- Born: 1980 (age 45–46) Latvia
- Education: Odessa National Maritime University, Institute of Chartered Shipbrokers (UK)
- Years active: 2002–present
- Organizations: Bluemont, Varamar, Shipnext

= Alexander Varvarenko =

Belgian shipping entrepreneur

Alexander Varvarenko (born in Latvia) is a Belgian shipping entrepreneur, best known as the founder of transporting and shipment companies. Varvarenko is also involved in several companies and projects, including Kaiser, Guardian Consult, NewBrain Foundation and Remora Concept.

== Education ==

Alexander Varvarenko was born in Latvia, where he lived and studied until the age of ten. Varvarenko studied at EEC English School in Belgium. He later graduated from Odessa National Maritime University, specializing in transport technologies and systems. Additionally, he completed professional education at the Institute of Chartered Shipbrokers in Great Britain.

== Career ==
Alexander began his career in 2001 when he joined Belgo-Ruys and later Belgo-Iberian, representing shipping lines for major companies ESCO (Estonian Shipping Company), SAMSKIP, and VOCs (Van-Omeren Clipper Steel Line). From 2002 to 2006, Varvarenko worked as the head of the chartering department at the Belgian shipping company FLAMAR/CEC Lines. Between 2006 and 2009, he served as the director of the Ukrainian shipping company Kaalbye Projects. In 2009, he founded Vara-mar, a shipping company specializing in breakbulk shipping, offering tailored logistics, vessel chartering, and trade route optimization services.
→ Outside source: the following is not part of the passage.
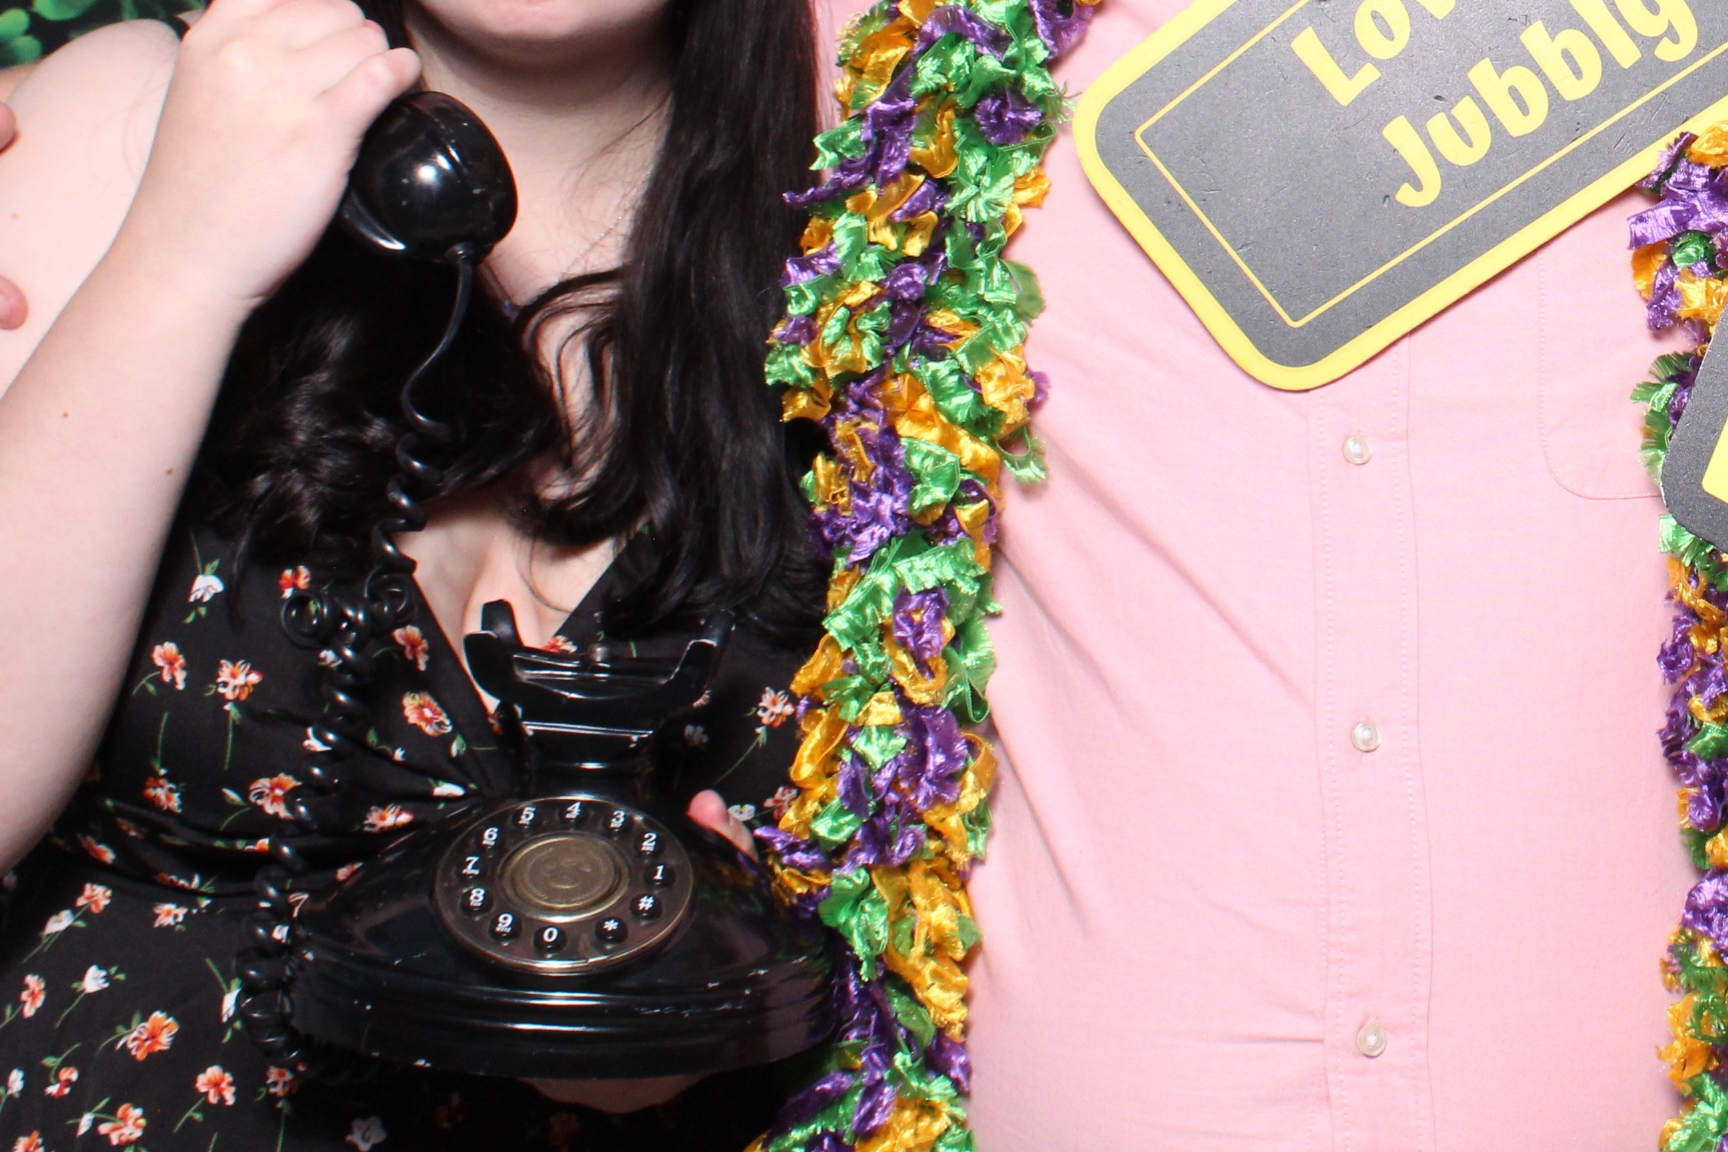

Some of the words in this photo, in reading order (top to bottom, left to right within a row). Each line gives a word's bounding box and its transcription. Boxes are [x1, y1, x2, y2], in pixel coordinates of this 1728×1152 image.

In 2011, Alexander Varvarenko founded Guardian Consult, a legal and consulting firm specializing in corporate law, financial structuring, risk management, and strategic advisory. In 2015, Alexander Varvarenko co-founded MYCO, a business-owners social network. In 2016, he founded Shipnext, a digital platform that offers cargo-to-ship matching solutions and integrates essential tools to optimize shipping and transportation operations. In 2020, Alexander Varvarenko's Shipnext won a Hong Kong semi-government startup competition, securing financial support and a two-year office space in the Cyberport innovation hub. In 2022, he established Bluemont Holding.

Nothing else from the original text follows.